L’OBLIGATION D’AVOIR RECOURS A LA MEDIATION

   La médiation est devenue le fer de lance du législateur pour venir à bout des litiges de plus en plus nombreux et parvenir à désengorger les tribunaux. Ainsi, les réformes se multiplient, les rapports des divers institutions concernées proposent de nouvelles mesures et les législations abondent dans ce sens.

 La dernière réforme la plus symptomatique de ce mouvement général de conciliation est sûrement celle opérée par le décret du 11 mars 2015 n°2015-282 relatif à la simplification de la procédure civile, à la communication électronique et à la résolution amiable des différends.

En effet, ce décret modifie de nombreuses dispositions du code de procédure civile (CPC) et notamment les articles 56, 57 et 757, en prévoyant une obligation de tentative de résolution amiable du litige, préalable à la saisine du juge, tentative qui doit être justifiée dans l’acte introductif d’instance puisqu’il est prévu que cet acte précise « les diligences entreprises en vue de parvenir à une résolution amiable du litige » et ce, « sauf justification d’un motif légitime tenant à l’urgence ou à la matière considérée » (articles 56 et 57 du CPC).

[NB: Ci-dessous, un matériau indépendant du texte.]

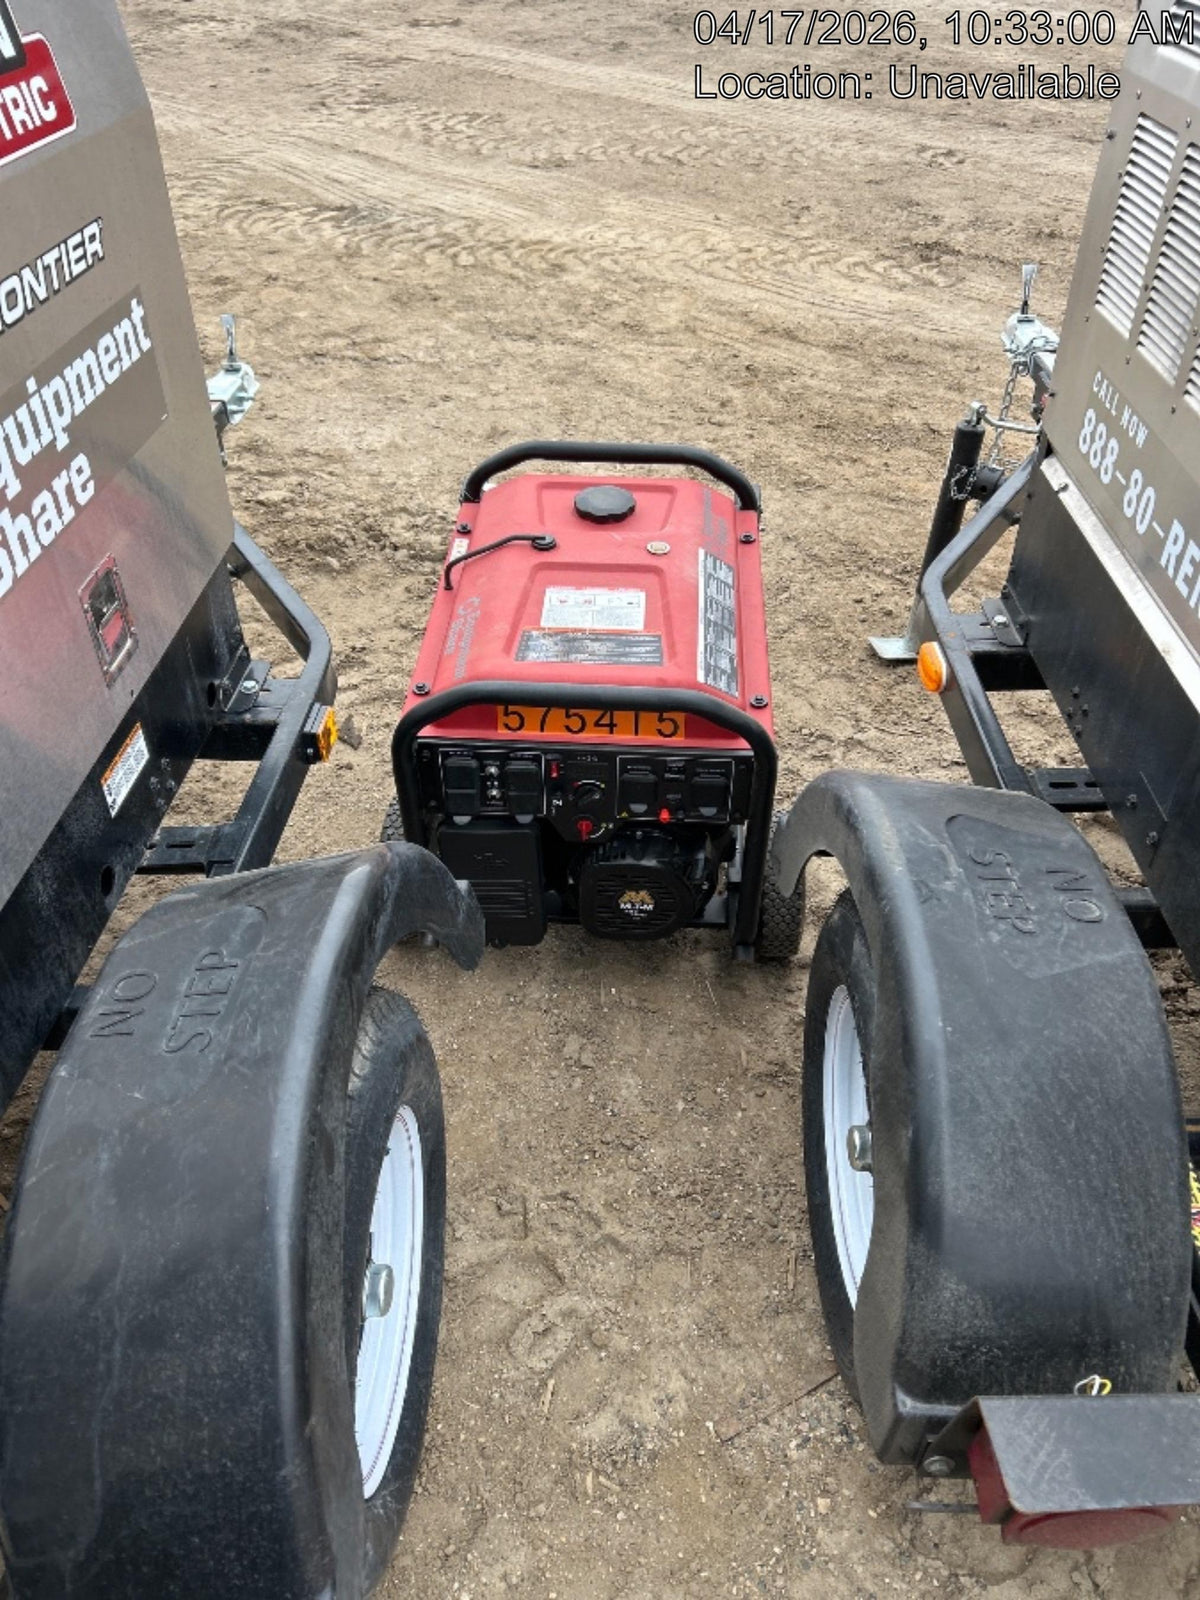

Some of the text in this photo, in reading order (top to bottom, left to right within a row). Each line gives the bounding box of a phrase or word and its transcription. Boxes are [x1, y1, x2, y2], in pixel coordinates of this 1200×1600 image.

Le non respect de ces dispositions n’entraîne, cependant, pas de lourde sanction puisque l’article 127 du CPC (modifié) prévoit seulement qu’en cas de non justification des diligences accomplies en vue de parvenir à une résolution amiable du litige, « le juge peut proposer aux parties une mesure de conciliation et de médiation ».

La résolution amiable des différents devient donc l’objectif majeur du législateur que ce soit en amont ou en aval de la procédure. Mais se pose la question de savoir quid des avocats et de l’obligation de médiation? Sont-ils contraints de recourir à un médiateur ou deviennent-ils eux-même des médiateurs?

L’avocat devient de plus en plus acteur de la médiation (I), mais il existe encore de nombreux cas où il ne fait qu’accompagner son client lors de la tentative de conciliation (II).

I – L’AVOCAT MEDIATEUR.

   Le règlement amiable des différents devient l’objectif principal des réformes, le but étant d’éviter le recours systématique au juge.

L’avocat devient lui-même médiateur par le biais de procédures facultatives et conventionnelles ou de procédures plus contraignantes.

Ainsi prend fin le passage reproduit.